Task requirements :: Extract all of the entries and give them again, word for word.

Dataset entries ::

------------------------------------------------------------

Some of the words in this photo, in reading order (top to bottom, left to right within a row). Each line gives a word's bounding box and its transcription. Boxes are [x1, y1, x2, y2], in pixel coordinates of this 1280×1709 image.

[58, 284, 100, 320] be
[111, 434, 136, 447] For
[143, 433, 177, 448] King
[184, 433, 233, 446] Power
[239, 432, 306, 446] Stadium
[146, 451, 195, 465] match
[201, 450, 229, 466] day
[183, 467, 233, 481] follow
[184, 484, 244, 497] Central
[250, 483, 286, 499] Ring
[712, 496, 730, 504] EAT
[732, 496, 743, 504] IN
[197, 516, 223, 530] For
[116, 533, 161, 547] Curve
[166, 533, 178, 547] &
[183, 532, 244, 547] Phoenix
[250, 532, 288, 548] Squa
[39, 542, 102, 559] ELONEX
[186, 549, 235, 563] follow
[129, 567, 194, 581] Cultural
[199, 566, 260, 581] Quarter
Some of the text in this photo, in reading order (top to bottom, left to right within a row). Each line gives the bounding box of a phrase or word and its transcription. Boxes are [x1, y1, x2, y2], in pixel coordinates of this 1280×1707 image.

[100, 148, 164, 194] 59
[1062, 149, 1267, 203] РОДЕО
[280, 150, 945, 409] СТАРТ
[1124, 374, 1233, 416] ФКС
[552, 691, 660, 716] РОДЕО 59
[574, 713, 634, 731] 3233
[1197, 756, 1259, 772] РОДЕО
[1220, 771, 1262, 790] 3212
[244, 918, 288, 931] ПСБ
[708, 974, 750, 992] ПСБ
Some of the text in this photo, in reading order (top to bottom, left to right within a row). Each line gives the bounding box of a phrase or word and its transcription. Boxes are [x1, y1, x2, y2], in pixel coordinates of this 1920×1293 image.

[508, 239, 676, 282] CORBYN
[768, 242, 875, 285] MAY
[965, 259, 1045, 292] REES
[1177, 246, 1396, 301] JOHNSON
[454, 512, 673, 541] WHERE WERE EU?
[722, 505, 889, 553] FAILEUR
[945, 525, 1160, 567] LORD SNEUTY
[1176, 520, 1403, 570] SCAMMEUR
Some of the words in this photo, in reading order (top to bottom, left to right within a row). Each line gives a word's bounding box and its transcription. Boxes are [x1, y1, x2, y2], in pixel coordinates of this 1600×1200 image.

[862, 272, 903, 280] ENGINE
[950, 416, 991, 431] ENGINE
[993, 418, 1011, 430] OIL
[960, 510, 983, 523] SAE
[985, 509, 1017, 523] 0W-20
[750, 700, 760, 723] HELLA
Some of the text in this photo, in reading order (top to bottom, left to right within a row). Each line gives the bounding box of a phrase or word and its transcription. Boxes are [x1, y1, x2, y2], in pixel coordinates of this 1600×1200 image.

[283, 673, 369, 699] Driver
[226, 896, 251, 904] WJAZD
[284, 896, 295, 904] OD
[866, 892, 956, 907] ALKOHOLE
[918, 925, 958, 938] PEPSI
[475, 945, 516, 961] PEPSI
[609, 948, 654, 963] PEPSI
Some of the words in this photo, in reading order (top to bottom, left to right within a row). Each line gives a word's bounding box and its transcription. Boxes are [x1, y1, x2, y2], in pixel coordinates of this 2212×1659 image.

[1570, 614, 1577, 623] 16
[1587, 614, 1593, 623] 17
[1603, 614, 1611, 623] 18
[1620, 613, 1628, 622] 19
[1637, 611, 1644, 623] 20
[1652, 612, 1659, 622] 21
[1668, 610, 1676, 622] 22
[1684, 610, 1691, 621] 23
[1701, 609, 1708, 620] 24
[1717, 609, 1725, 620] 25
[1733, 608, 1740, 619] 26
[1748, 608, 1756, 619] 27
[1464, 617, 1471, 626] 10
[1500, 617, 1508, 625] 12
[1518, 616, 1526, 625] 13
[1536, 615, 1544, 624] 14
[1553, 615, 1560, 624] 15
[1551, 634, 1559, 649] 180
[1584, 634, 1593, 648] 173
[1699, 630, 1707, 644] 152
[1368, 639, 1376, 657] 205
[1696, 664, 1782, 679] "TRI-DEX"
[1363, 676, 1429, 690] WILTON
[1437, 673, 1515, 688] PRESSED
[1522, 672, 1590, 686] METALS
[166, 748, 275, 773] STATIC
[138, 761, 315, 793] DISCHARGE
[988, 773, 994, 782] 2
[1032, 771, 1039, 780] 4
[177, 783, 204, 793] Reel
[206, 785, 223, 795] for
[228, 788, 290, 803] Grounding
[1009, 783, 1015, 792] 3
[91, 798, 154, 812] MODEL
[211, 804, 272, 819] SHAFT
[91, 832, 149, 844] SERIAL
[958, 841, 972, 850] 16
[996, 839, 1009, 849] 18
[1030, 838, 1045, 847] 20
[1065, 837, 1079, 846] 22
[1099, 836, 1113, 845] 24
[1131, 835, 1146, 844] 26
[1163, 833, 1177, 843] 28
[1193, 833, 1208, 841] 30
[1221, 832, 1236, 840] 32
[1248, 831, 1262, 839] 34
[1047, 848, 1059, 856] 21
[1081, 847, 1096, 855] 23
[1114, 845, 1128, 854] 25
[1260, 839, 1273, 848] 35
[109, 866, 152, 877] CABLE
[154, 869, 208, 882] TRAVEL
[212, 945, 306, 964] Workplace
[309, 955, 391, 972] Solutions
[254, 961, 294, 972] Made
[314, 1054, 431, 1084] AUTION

------------------------------------------------------------

Answer to the exercise ::
Some of the words in this photo, in reading order (top to bottom, left to right within a row). Each line gives a word's bounding box and its transcription. Boxes are [x1, y1, x2, y2], in pixel coordinates of this 1280×1709 image.

[58, 284, 100, 320] be
[111, 434, 136, 447] For
[143, 433, 177, 448] King
[184, 433, 233, 446] Power
[239, 432, 306, 446] Stadium
[146, 451, 195, 465] match
[201, 450, 229, 466] day
[183, 467, 233, 481] follow
[184, 484, 244, 497] Central
[250, 483, 286, 499] Ring
[712, 496, 730, 504] EAT
[732, 496, 743, 504] IN
[197, 516, 223, 530] For
[116, 533, 161, 547] Curve
[166, 533, 178, 547] &
[183, 532, 244, 547] Phoenix
[250, 532, 288, 548] Squa
[39, 542, 102, 559] ELONEX
[186, 549, 235, 563] follow
[129, 567, 194, 581] Cultural
[199, 566, 260, 581] Quarter
Some of the text in this photo, in reading order (top to bottom, left to right within a row). Each line gives the bounding box of a phrase or word and its transcription. Boxes are [x1, y1, x2, y2], in pixel coordinates of this 1280×1707 image.

[100, 148, 164, 194] 59
[1062, 149, 1267, 203] РОДЕО
[280, 150, 945, 409] СТАРТ
[1124, 374, 1233, 416] ФКС
[552, 691, 660, 716] РОДЕО 59
[574, 713, 634, 731] 3233
[1197, 756, 1259, 772] РОДЕО
[1220, 771, 1262, 790] 3212
[244, 918, 288, 931] ПСБ
[708, 974, 750, 992] ПСБ
Some of the text in this photo, in reading order (top to bottom, left to right within a row). Each line gives the bounding box of a phrase or word and its transcription. Boxes are [x1, y1, x2, y2], in pixel coordinates of this 1920×1293 image.

[508, 239, 676, 282] CORBYN
[768, 242, 875, 285] MAY
[965, 259, 1045, 292] REES
[1177, 246, 1396, 301] JOHNSON
[454, 512, 673, 541] WHERE WERE EU?
[722, 505, 889, 553] FAILEUR
[945, 525, 1160, 567] LORD SNEUTY
[1176, 520, 1403, 570] SCAMMEUR
Some of the words in this photo, in reading order (top to bottom, left to right within a row). Each line gives a word's bounding box and its transcription. Boxes are [x1, y1, x2, y2], in pixel coordinates of this 1600×1200 image.

[862, 272, 903, 280] ENGINE
[950, 416, 991, 431] ENGINE
[993, 418, 1011, 430] OIL
[960, 510, 983, 523] SAE
[985, 509, 1017, 523] 0W-20
[750, 700, 760, 723] HELLA
Some of the text in this photo, in reading order (top to bottom, left to right within a row). Each line gives the bounding box of a phrase or word and its transcription. Boxes are [x1, y1, x2, y2], in pixel coordinates of this 1600×1200 image.

[283, 673, 369, 699] Driver
[226, 896, 251, 904] WJAZD
[284, 896, 295, 904] OD
[866, 892, 956, 907] ALKOHOLE
[918, 925, 958, 938] PEPSI
[475, 945, 516, 961] PEPSI
[609, 948, 654, 963] PEPSI
Some of the words in this photo, in reading order (top to bottom, left to right within a row). Each line gives a word's bounding box and its transcription. Boxes are [x1, y1, x2, y2], in pixel coordinates of this 2212×1659 image.

[1570, 614, 1577, 623] 16
[1587, 614, 1593, 623] 17
[1603, 614, 1611, 623] 18
[1620, 613, 1628, 622] 19
[1637, 611, 1644, 623] 20
[1652, 612, 1659, 622] 21
[1668, 610, 1676, 622] 22
[1684, 610, 1691, 621] 23
[1701, 609, 1708, 620] 24
[1717, 609, 1725, 620] 25
[1733, 608, 1740, 619] 26
[1748, 608, 1756, 619] 27
[1464, 617, 1471, 626] 10
[1500, 617, 1508, 625] 12
[1518, 616, 1526, 625] 13
[1536, 615, 1544, 624] 14
[1553, 615, 1560, 624] 15
[1551, 634, 1559, 649] 180
[1584, 634, 1593, 648] 173
[1699, 630, 1707, 644] 152
[1368, 639, 1376, 657] 205
[1696, 664, 1782, 679] "TRI-DEX"
[1363, 676, 1429, 690] WILTON
[1437, 673, 1515, 688] PRESSED
[1522, 672, 1590, 686] METALS
[166, 748, 275, 773] STATIC
[138, 761, 315, 793] DISCHARGE
[988, 773, 994, 782] 2
[1032, 771, 1039, 780] 4
[177, 783, 204, 793] Reel
[206, 785, 223, 795] for
[228, 788, 290, 803] Grounding
[1009, 783, 1015, 792] 3
[91, 798, 154, 812] MODEL
[211, 804, 272, 819] SHAFT
[91, 832, 149, 844] SERIAL
[958, 841, 972, 850] 16
[996, 839, 1009, 849] 18
[1030, 838, 1045, 847] 20
[1065, 837, 1079, 846] 22
[1099, 836, 1113, 845] 24
[1131, 835, 1146, 844] 26
[1163, 833, 1177, 843] 28
[1193, 833, 1208, 841] 30
[1221, 832, 1236, 840] 32
[1248, 831, 1262, 839] 34
[1047, 848, 1059, 856] 21
[1081, 847, 1096, 855] 23
[1114, 845, 1128, 854] 25
[1260, 839, 1273, 848] 35
[109, 866, 152, 877] CABLE
[154, 869, 208, 882] TRAVEL
[212, 945, 306, 964] Workplace
[309, 955, 391, 972] Solutions
[254, 961, 294, 972] Made
[314, 1054, 431, 1084] AUTION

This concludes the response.